Fred Phelps, Anti-LGBT Hatemonger Extraordinaire, Reportedly Dead
Fred Phelps, America’s most rabid gay-basher and a man who drew almost universal contempt from the far right to the far left, has reportedly died at age 84. Timothy Phelps, one of his 13 children, told WIBW-TV in Topeka, Kan., that the vitriol-spouting pastor of Westboro Baptist Church died before midnight Wednesday in a local hospice.
Phelps and his extended family, which made up the bulk of Westboro’s congregation, spent almost a quarter of a century issuing vulgar and incredibly spiteful rhetoric against LGBT people and their supporters. The group was especially loathed for picketing the funerals of American soldiers who died in Iraq and Afghanistan, saying God was punishing a “f---enabling” nation.
That’s not all. Phelps and his followers attacked school children killed in bus crashes, victims of crazed killers, Nobel Peace Prize laureates, schools, synagogues, and a whole host of others for supporting homosexuality, typically in the most tangential of ways. When Al Qaeda attacked the United States in 2001, Phelps’ response was to savage the murdered pilot of one of the downed airliners as “the filthy face of f-- evil,” among other things. He also attacked Jews, picketing synagogues and saying Jews’ “vermin ancestors” had killed Christ.
Phelps’ reported death came amid a flurry of reports, based on statements from one of his estranged sons, saying that Phelps had been ex-communicated last fall from the Topeka church he started in 1955. The reports claimed that others in the church had formed an all-male board of elders, thrown out longtime spokeswoman and heir apparent Shirley Phelps-Roper, and tossed Phelps out of his own church because he said that he thought congregants should be kinder to one another. If true, it was an exceedingly ironic end for a man who was not known for his kindness in any way.
Phelps’ crusade against gay people began in earnest in 1991, when he and his followers began picketing a Topeka park supposedly known as a meeting place for gay men. It rapidly picked up steam over the next years, with Phelps claiming to picket more than 40 places a week and his starting of a website called “God Hates F---.” In 1998, Phelps came to widespread national attention when he picketed the funeral of Matthew Shepard, a gay man murdered in an infamous attack in Wyoming. Around 2005, he and his followers began picketing the funerals of soldiers killed abroad, leading to worldwide notoriety. A British documentary even labeled Phelps and his offspring, with considerable justification, “the most hated family in America.”

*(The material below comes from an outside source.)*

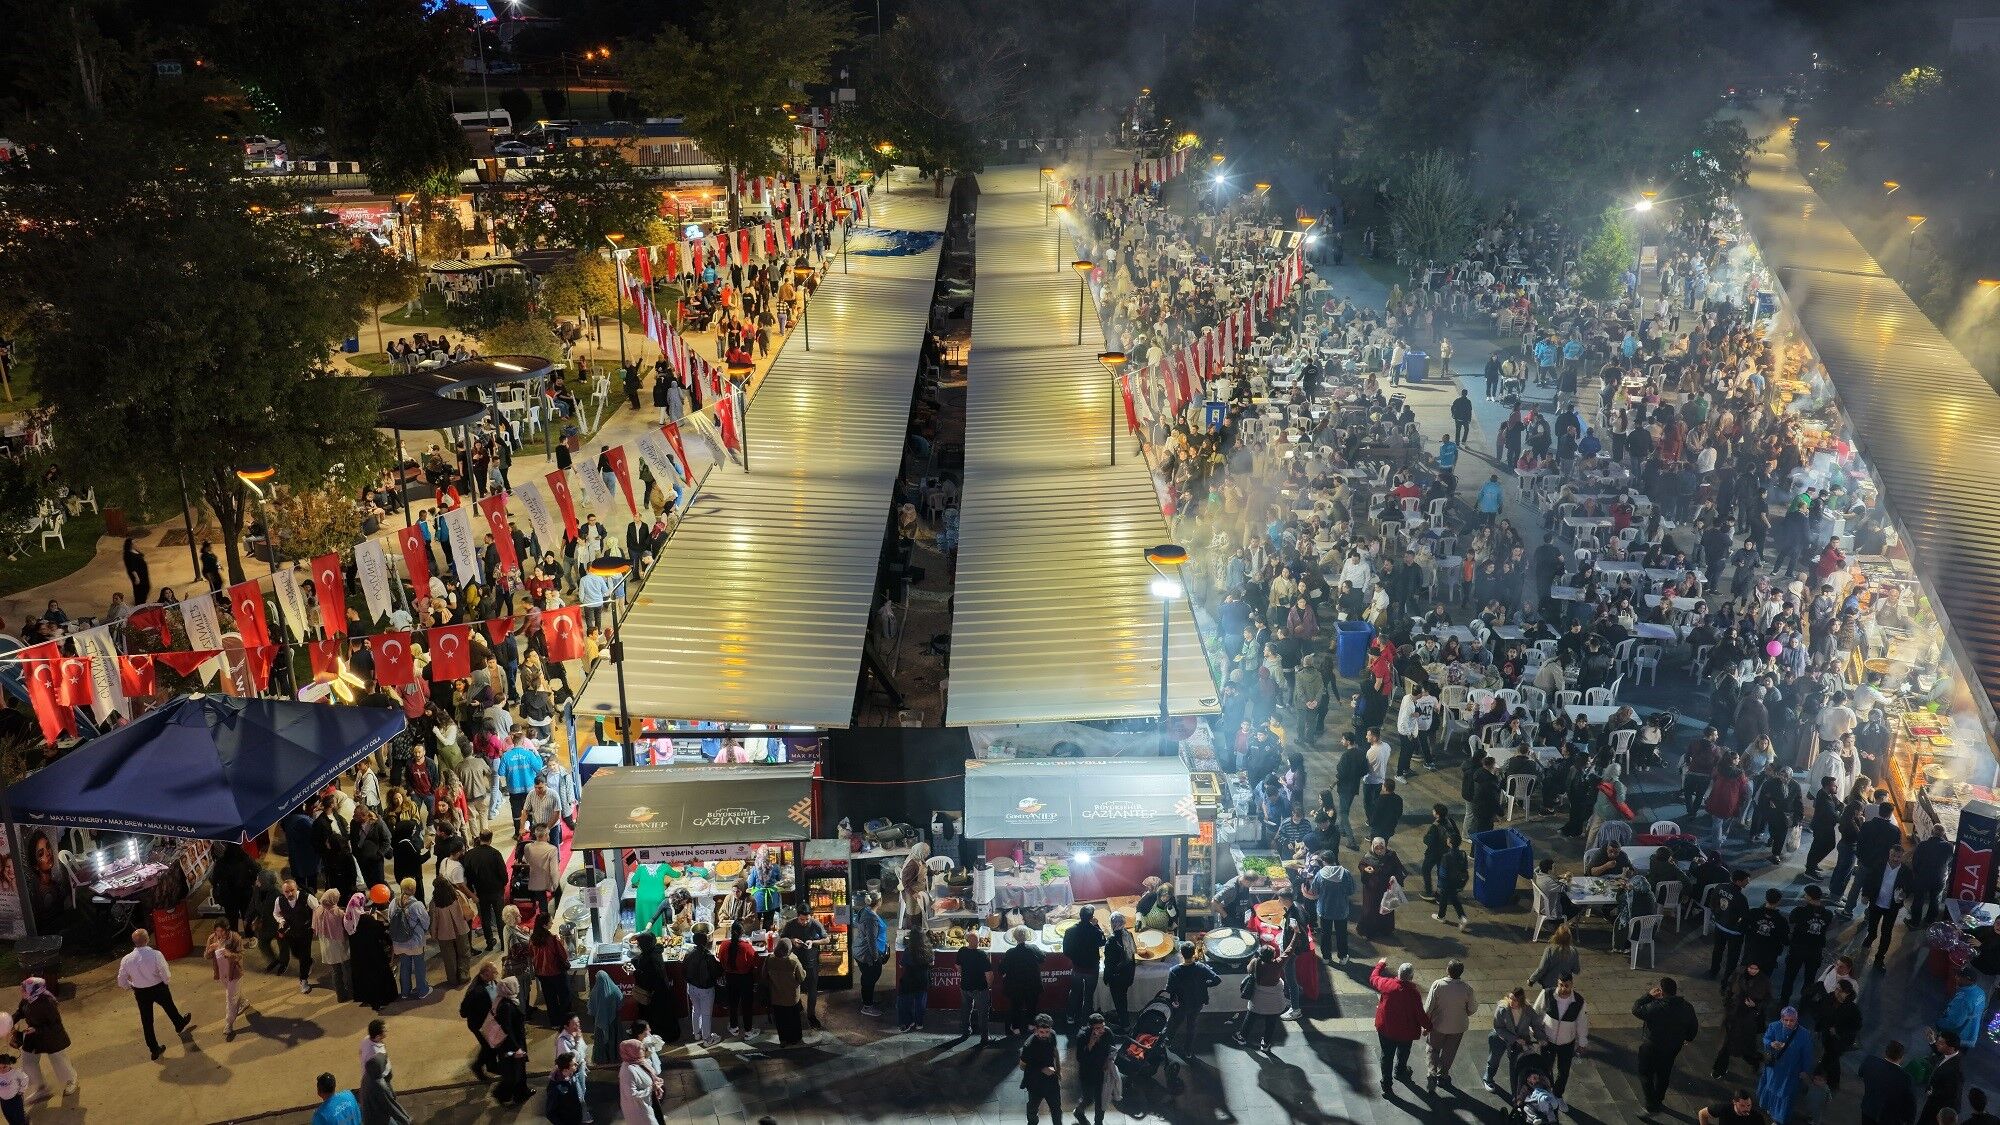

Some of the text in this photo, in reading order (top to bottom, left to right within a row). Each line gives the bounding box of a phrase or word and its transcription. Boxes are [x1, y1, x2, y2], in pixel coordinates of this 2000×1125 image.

Phelps was a man obsessed by sex and human sexuality for at least six decades. In 1951, Time magazine profiled Phelps’ California street ministry against dirty jokes and sexual petting. Later, as many pointed out, Phelps became the man who seemed to think more about gay sex than virtually any other American, an observation that caused many to wonder just what his mental processes really were.
Phelps’ estranged children — four of his 13 offspring broke with him and have had nothing to do with him or the church in subsequent years — described a harrowing childhood, saying that he beat some of them with a mattock handle, forced them to sell candy in the streets to raise money, and made them do daily extended runs. At least one also said Phelps, who at one point claimed to be a civil rights attorney and even received an NAACP award, commonly used the word “n-----” when they were young.
Phelps was an incredibly litigious lawyer, filing some 400 lawsuits before he was disbarred in Kansas in 1979 and agreeing, in 1989, to give up his license to practice in federal court as well. The reasons had to do with his filing of frivolous lawsuits against a whole array of enemies, including one court reporter he accused of being late with a document. At one point, he filed a suit against Sears for late delivery of a TV set. After six years of litigation, Phelps settled, with Sears paying him $126 — about $60 less than the original cost of the TV, which he never received.
Over the years, police in Topeka took reports from people who said they were battered, harassed, stalked and spat on by Westboro congregants. One mainstream preacher said one of Phelps’ followers accused him of “drink[ing] anal blood at the altar of the sphincter.” But many of Phelps’ children were also lawyers, and they were able to successfully fight off most of these criminal complaints. They also won many First Amendment cases brought against communities that tried to prevent his public harangues.
As Phelps neared his end, the leaders of Westboro fudged the truth, saying over the weekend that he “had a couple of things going on” with his health but was not near death, despite the fact that he was in a hospice. “The source that says he is near death is not well informed,” spokesman Steve Drain claimed.
Even as the news of Phelps’ reported death spread today, various LGBT groups and their supporters shunned the idea of disrupting any funeral for the man who had done them such harm over the decades, often at funerals. Despite the church’s record, they seemed to agree that it was only right to allow Phelps’ family to bury their longtime patriarch in peace.